Precisely. The machine can say, "Here is a path." The human must ask, "What does that path mean in this organization, for these customers, under these obligations?" Risk is contextual. A route to a low-value internal system is not the same as a route to regulated financial data or critical infrastructure controls. Prioritization remains deeply human.

Simon Carver

[warmly] And that lands right on the Human Workforce theme. The value isn't "remove the person." The value is "remove the friction." Let the AI do the repetitive enumeration, the pattern correlation, the first-pass exploit simulation. Let the human do judgment, ethics, prioritization, risk acceptance, and the awkward but necessary conversation that starts with, "Yes, this is technically fixable, but here's what it will cost the business."

Lachlan Reed

[responds quickly] Yeah -- that's the part people miss when they talk replacement.

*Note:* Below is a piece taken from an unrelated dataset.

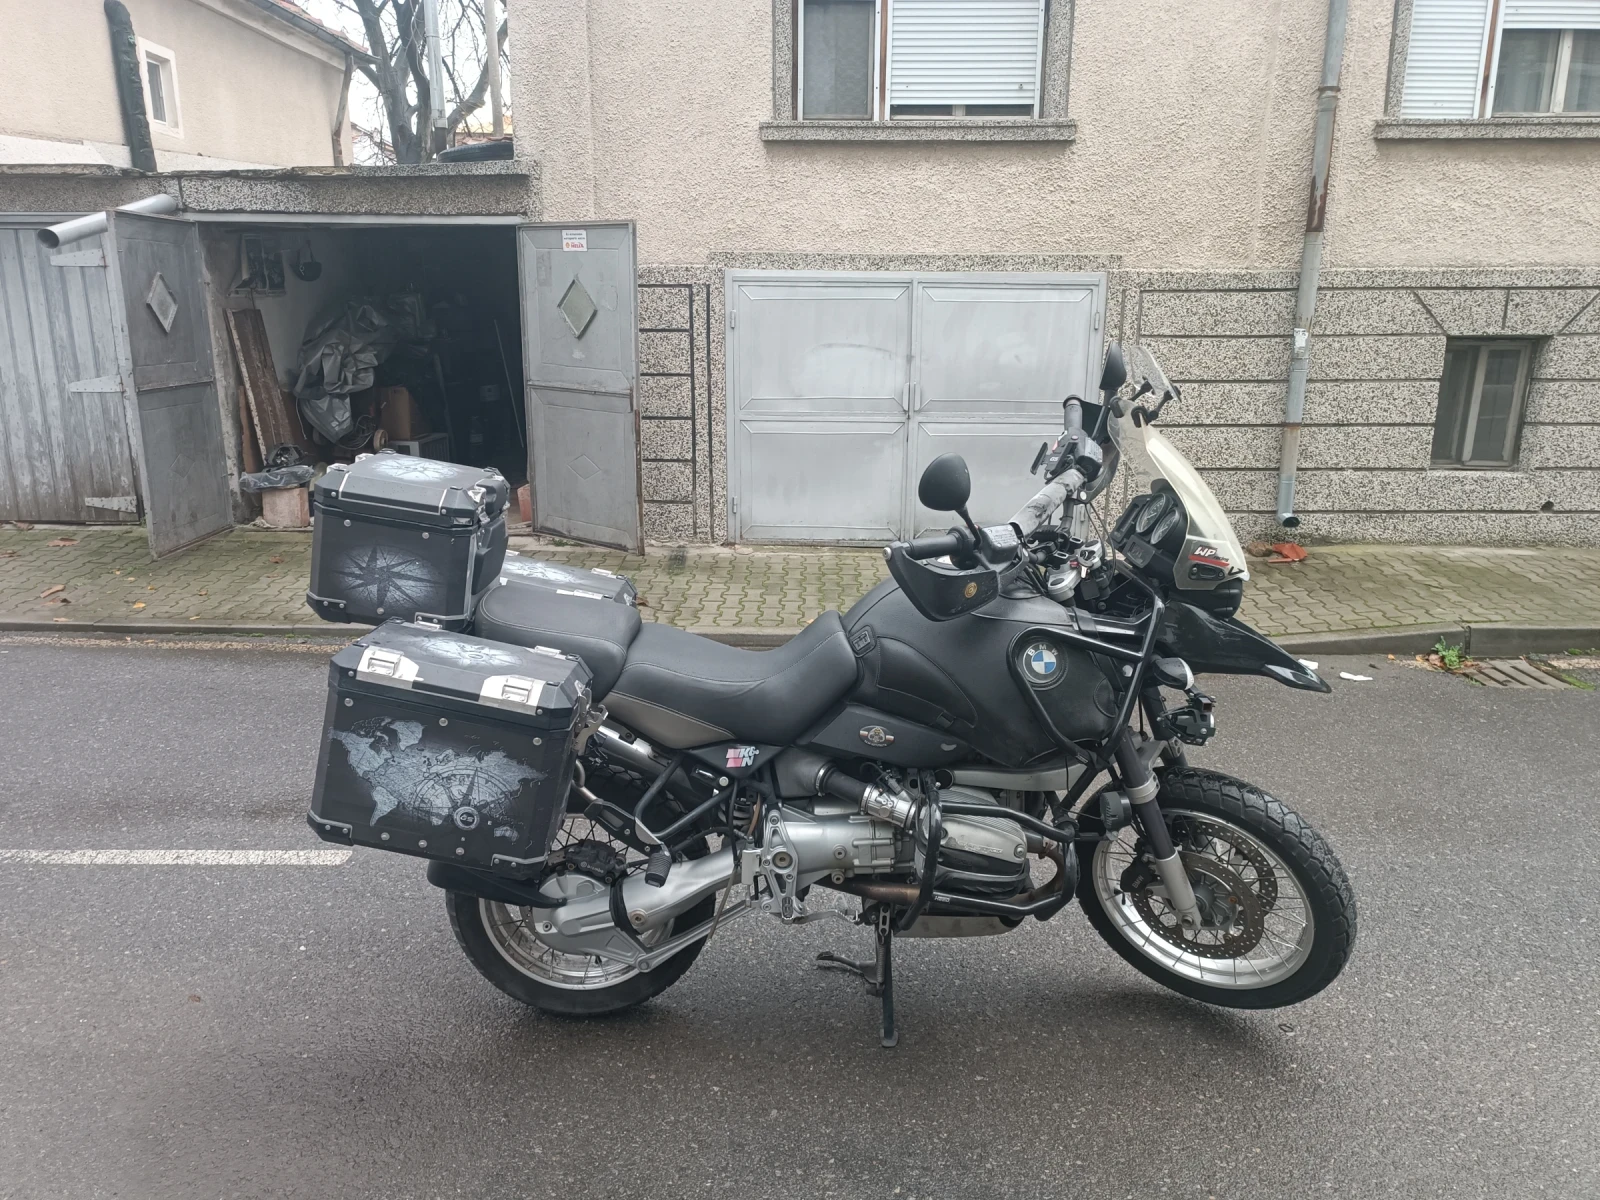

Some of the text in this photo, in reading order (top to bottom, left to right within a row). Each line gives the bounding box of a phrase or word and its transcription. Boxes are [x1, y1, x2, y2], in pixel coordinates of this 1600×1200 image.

[1193, 546, 1218, 557] WP
[1027, 644, 1058, 656] BMW
[1131, 875, 1144, 889] BMW

Cyber teams are already drowning in alert fatigue, patching backlogs, cloud sprawl, identity sprawl, exposed APIs, phishing... all of it. Giving them an accelerator isn't kicking them out of the ute. It's finally giving them a better engine.

Jack Burns

[calm] And there is a labor reality beneath that. There are not enough cybersecurity professionals globally to inspect everything manually. As systems become more complex, the premium on human expertise rises, not falls, because the human is now governing a much larger field of machine-generated insight. The role shifts upward toward validation, prioritization, and strategy.

Simon Carver

[curious] Upward is interesting. So the job doesn't vanish; it becomes more editorial, more ethical, maybe even more managerial. You're not just finding needles by hand anymore. You're deciding which pile of needles matters, and whether the magnet that found them can be trusted.

Jack Burns

That is well put. And trust is where the risk enters. These systems can hallucinate findings. They can make false exploit assumptions. If unconstrained, they can conduct unbounded testing, trigger outages, or touch sensitive systems in ways that become disruptive. An autonomous security tool can, ironically, create operational damage if it is not properly contained.

Lachlan Reed

[skeptical] That's the sting in the tail, isn't it? You build the world's smartest digital bloodhound and then forget to put a lead on it. Next thing it's sprinting through production, knocking over chairs, and everyone's asking why the "defensive" tool just caused an outage.

Jack Burns

[dryly] An inelegant image, but accurate. Which is why controls are not optional. You need sandboxing, logging, approval workflows, human validation, and explicit operational boundaries. If the system is allowed to act, you must know where it acted, why it acted, and what guardrails constrained it.

Simon Carver

[serious] Logging is the one I think listeners outside security may underestimate. Because if an AI agent tests ten paths, writes payload logic, and touches sensitive systems, you need a record precise enough to reconstruct intent and impact afterward. Otherwise accountability gets fuzzy very fast.

Jack Burns

Correct. And accountability must not become fuzzy. Cybersecurity is ultimately about protecting people -- customers, employees, citizens. You cannot outsource ethical accountability to a language model. The human organization remains responsible for what is authorized, what is tested, what is remediated, and what risk is accepted.

Lachlan Reed

[reflective] So maybe that's the real twist. The more autonomous the tool becomes, the MORE important the human becomes. Not because the human is doing every tiny task, but because someone's gotta set the boundaries, check the findings, and own the consequences. That's not less responsibility. That's more.

Simon Carver

[warmly] Yeah. AI expands visibility; humans provide wisdom. AI accelerates analysis; humans decide what should happen next. And if we get that balance right, this isn't a story about machines replacing defenders. It's a story about defenders finally getting help worthy of the threat. If you enjoyed this one, like, share, and subscribe -- and Jack, Lachlan, thanks as always.

Jack Burns

A pleasure.

Lachlan Reed

[lightly] Cheers, folks. Stay safe out there -- and maybe don't let the bloodhound into production without a fence.